## PROBLEM DETAILS
Copy the following data exactly and drop the pictures.

== SOURCE RECORDS

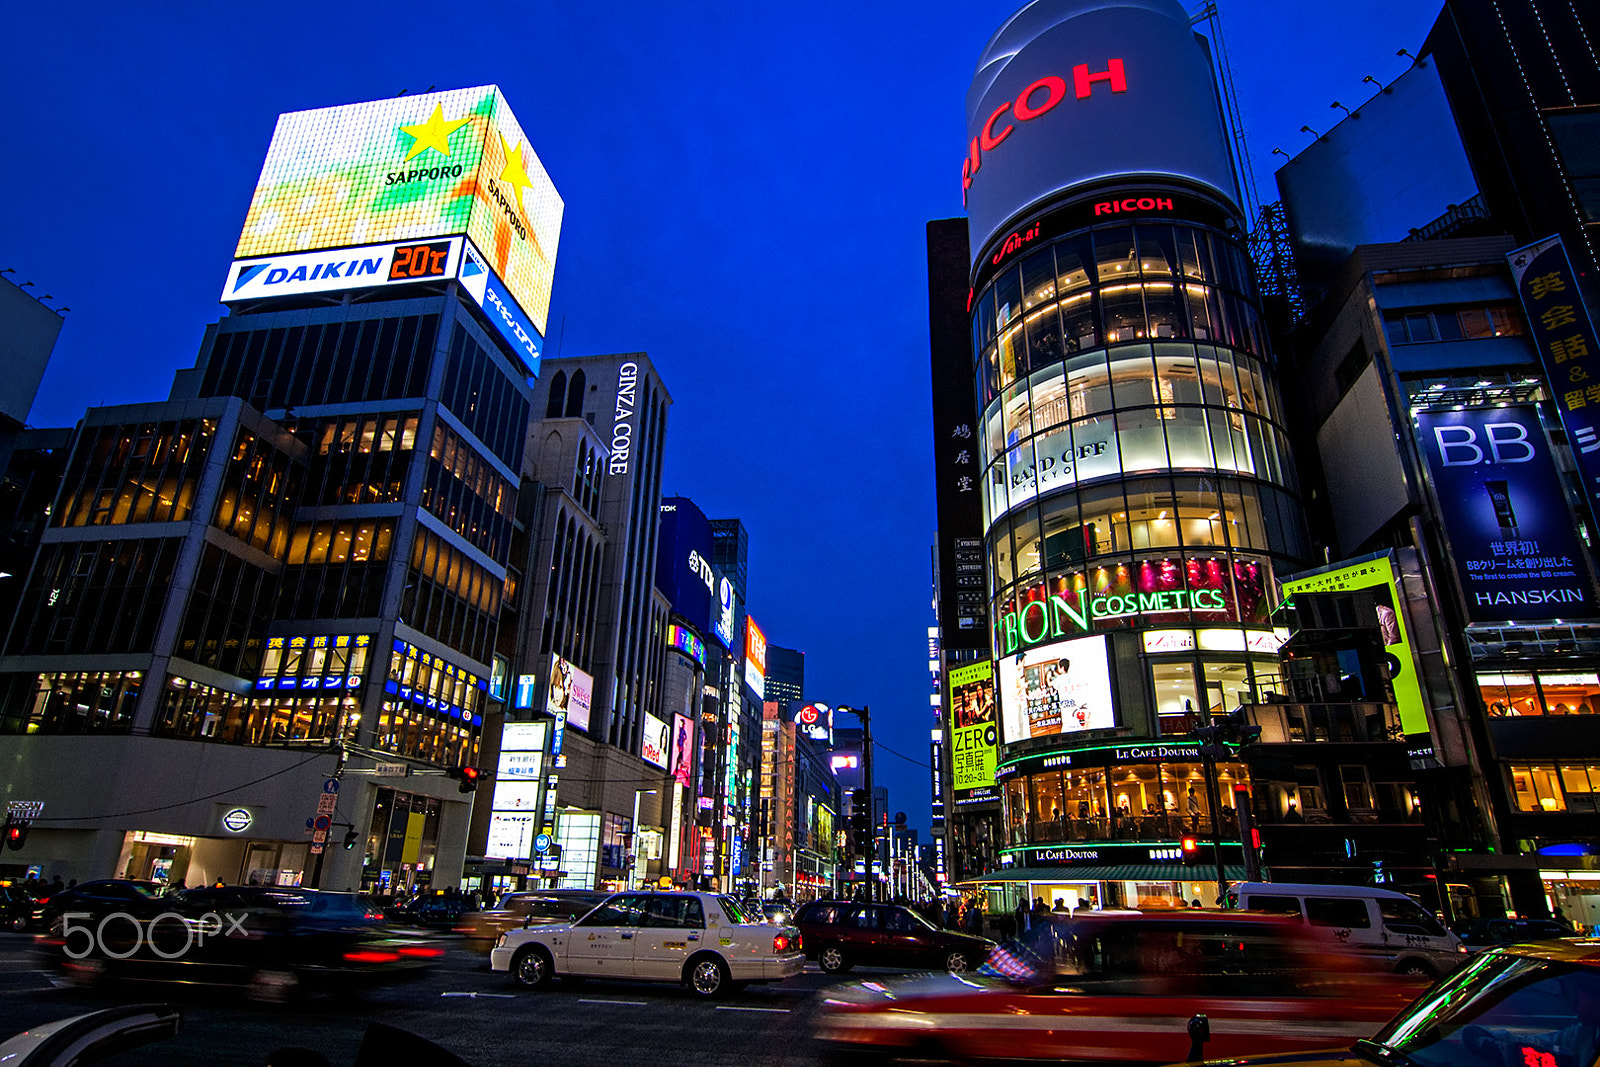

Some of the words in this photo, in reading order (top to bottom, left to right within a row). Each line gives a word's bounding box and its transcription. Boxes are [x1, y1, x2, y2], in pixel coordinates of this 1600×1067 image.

[962, 57, 1128, 210] RICOH
[385, 163, 463, 186] SAPPORO
[487, 178, 527, 242] SAPPORO
[1094, 197, 1174, 216] RICOH
[263, 257, 383, 285] DAIKIN
[614, 361, 638, 422] GINZA
[609, 422, 632, 476] CORE
[1433, 422, 1536, 467] B.B
[1022, 466, 1072, 492] TOKYO
[1507, 572, 1528, 580] create
[1528, 571, 1540, 579] the
[1090, 589, 1226, 617] COSMETICS
[1475, 588, 1584, 605] HANSKIN
[268, 635, 370, 649] 英会話留学
[258, 676, 342, 689] イーオン
[401, 687, 450, 711] イーオン
[641, 740, 660, 763] InRed
[955, 725, 997, 752] ZERO
[955, 750, 985, 774] 写真展
[784, 744, 795, 863] MATSUZAKAYA
[733, 840, 742, 868] FANCL
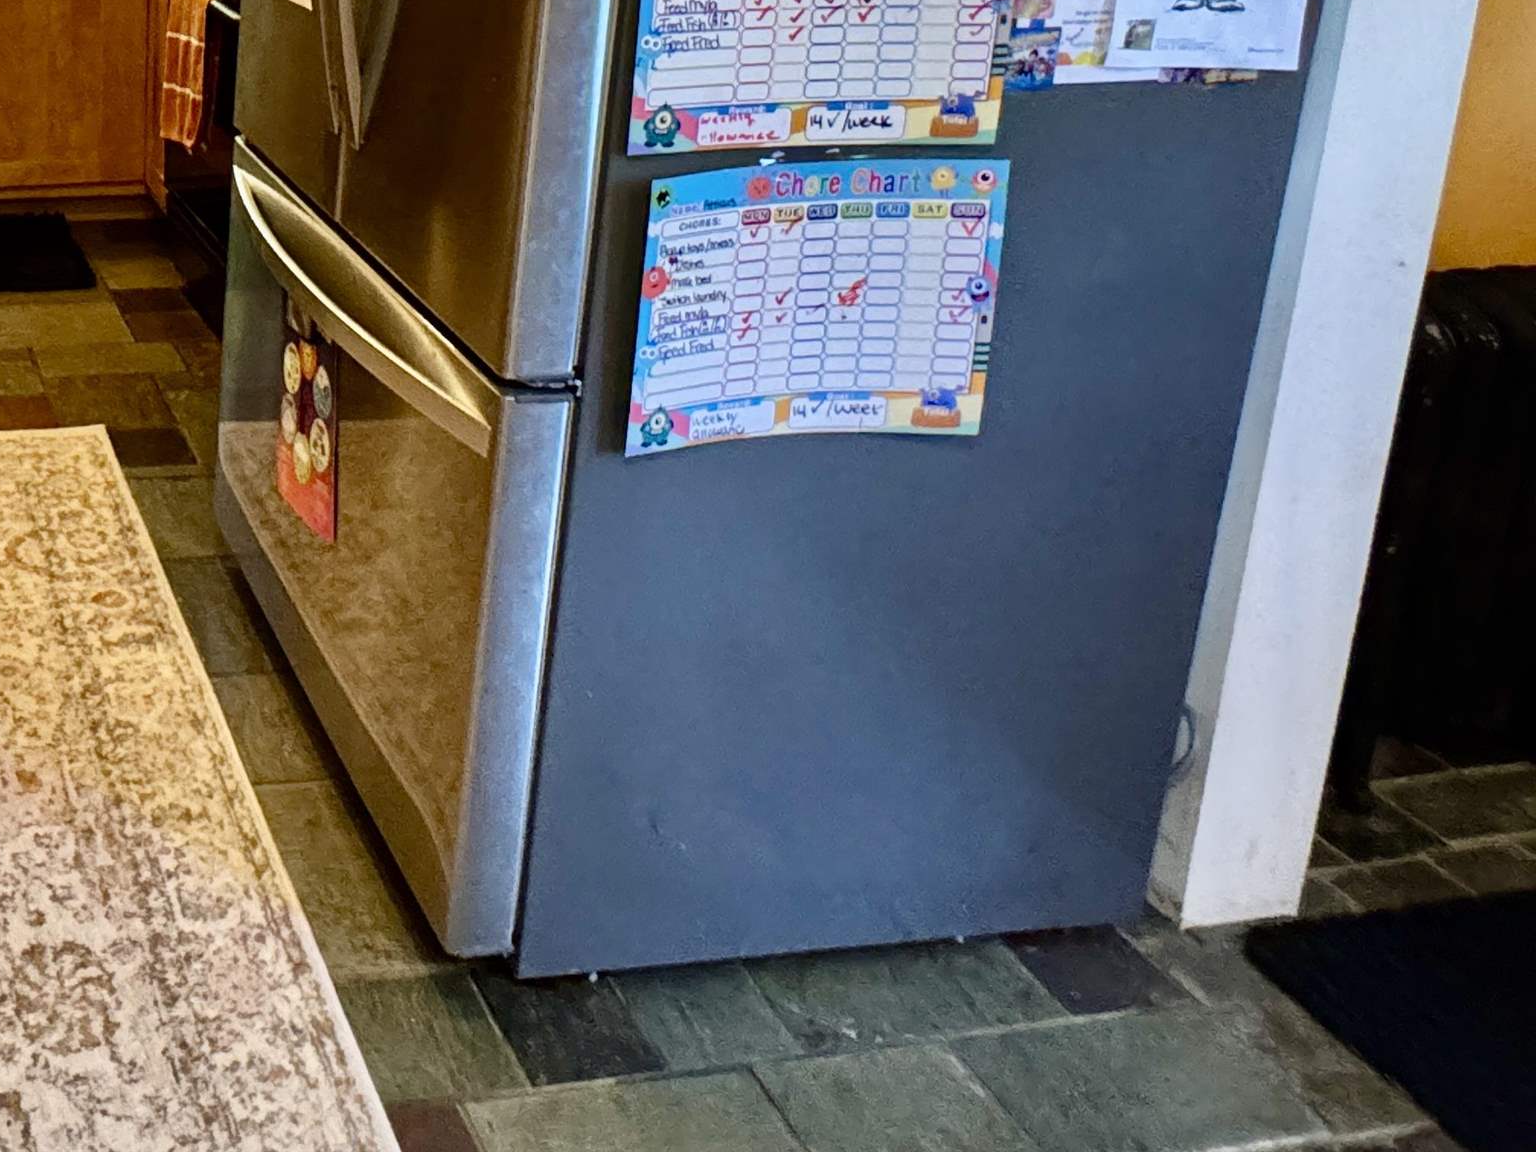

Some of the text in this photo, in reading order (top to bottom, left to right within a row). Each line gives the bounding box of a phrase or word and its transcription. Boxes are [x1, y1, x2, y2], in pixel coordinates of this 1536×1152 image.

[775, 167, 922, 198] Chore Chart
[776, 208, 801, 218] TUE
[843, 204, 871, 216] THU
[879, 203, 905, 216] FRI
[917, 203, 944, 215] SAT
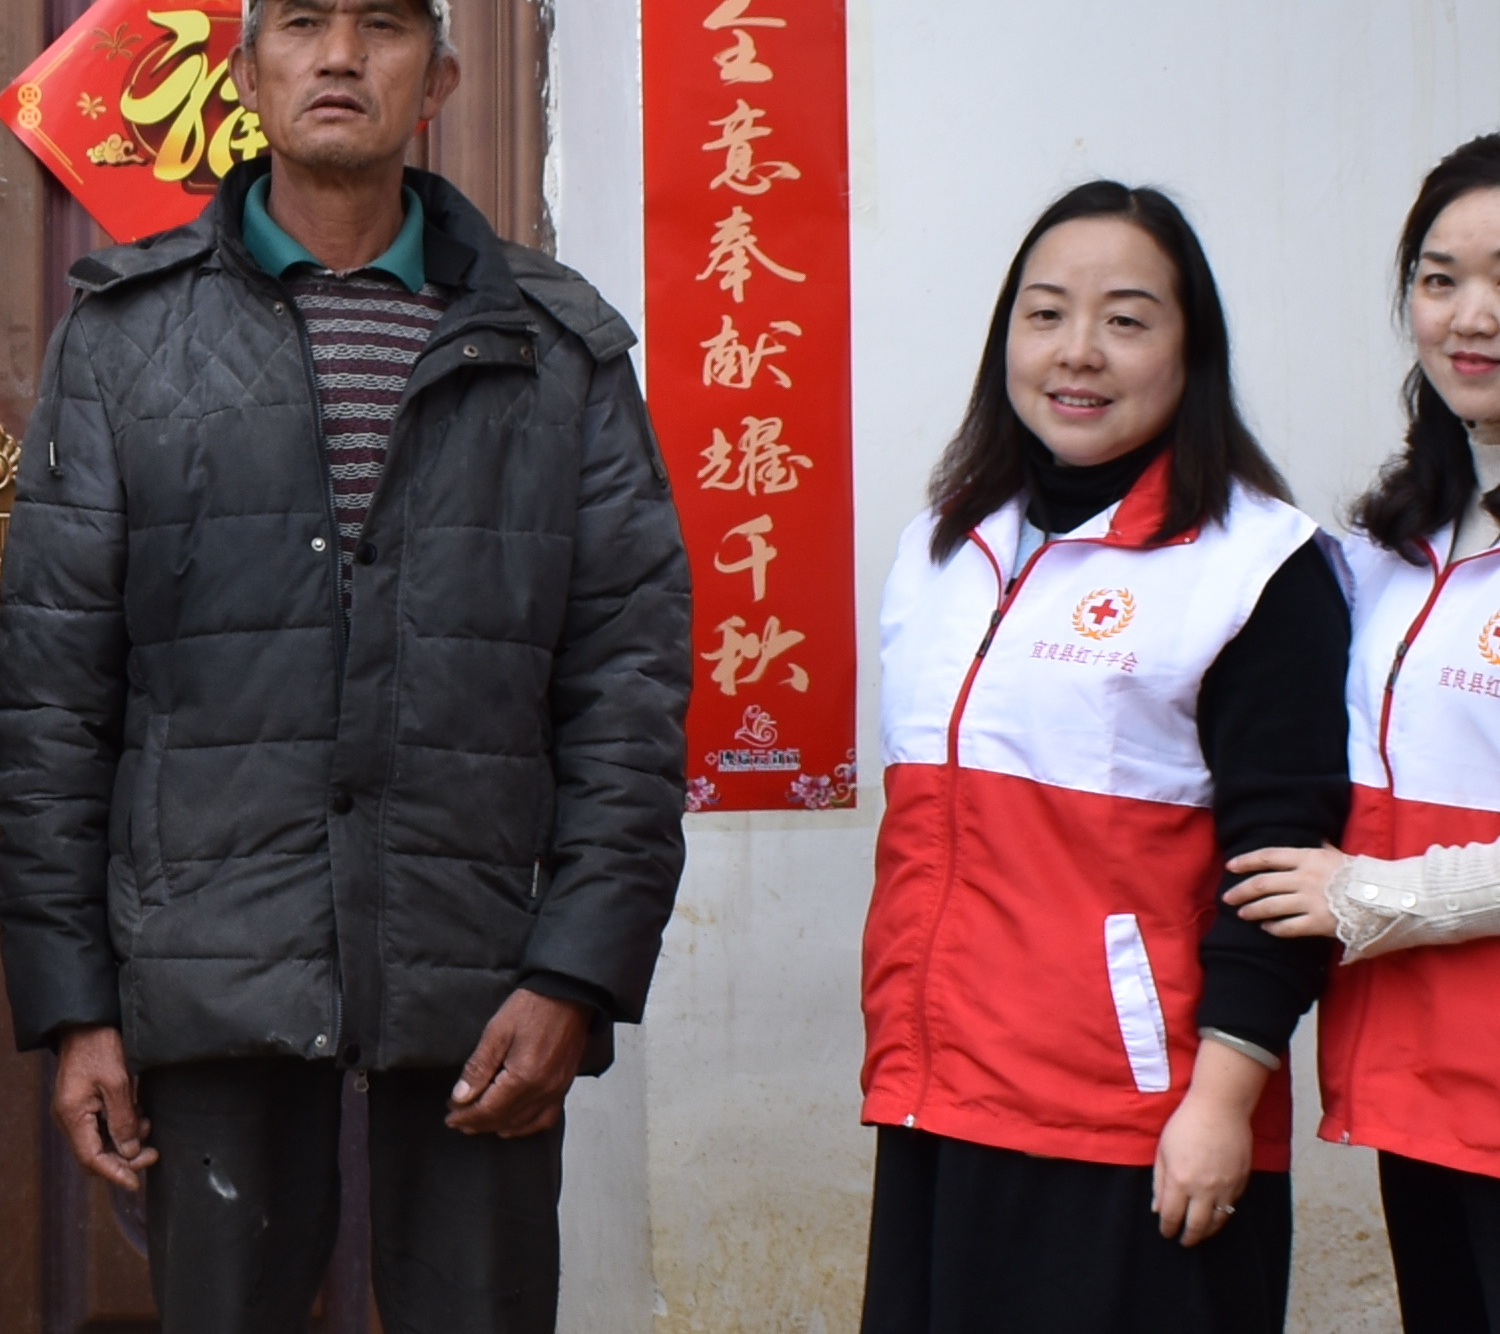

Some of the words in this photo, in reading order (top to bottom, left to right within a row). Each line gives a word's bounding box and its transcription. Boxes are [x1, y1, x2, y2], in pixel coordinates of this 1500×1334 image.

====

## RESPONSE TO THIS TASK
Some of the words in this photo, in reading order (top to bottom, left to right within a row). Each line gives a word's bounding box and its transcription. Boxes are [x1, y1, x2, y2], in pixel coordinates of this 1600×1067 image.

[962, 57, 1128, 210] RICOH
[385, 163, 463, 186] SAPPORO
[487, 178, 527, 242] SAPPORO
[1094, 197, 1174, 216] RICOH
[263, 257, 383, 285] DAIKIN
[614, 361, 638, 422] GINZA
[609, 422, 632, 476] CORE
[1433, 422, 1536, 467] B.B
[1022, 466, 1072, 492] TOKYO
[1507, 572, 1528, 580] create
[1528, 571, 1540, 579] the
[1090, 589, 1226, 617] COSMETICS
[1475, 588, 1584, 605] HANSKIN
[268, 635, 370, 649] 英会話留学
[258, 676, 342, 689] イーオン
[401, 687, 450, 711] イーオン
[641, 740, 660, 763] InRed
[955, 725, 997, 752] ZERO
[955, 750, 985, 774] 写真展
[784, 744, 795, 863] MATSUZAKAYA
[733, 840, 742, 868] FANCL

Some of the text in this photo, in reading order (top to bottom, left to right within a row). Each line gives the bounding box of a phrase or word and its transcription. Boxes are [x1, y1, x2, y2], in pixel coordinates of this 1536×1152 image.

[775, 167, 922, 198] Chore Chart
[776, 208, 801, 218] TUE
[843, 204, 871, 216] THU
[879, 203, 905, 216] FRI
[917, 203, 944, 215] SAT

Some of the words in this photo, in reading order (top to bottom, left to right within a row). Each line gives a word's bounding box and its transcription. Boxes are [x1, y1, x2, y2], in pixel coordinates of this 1500×1334 image.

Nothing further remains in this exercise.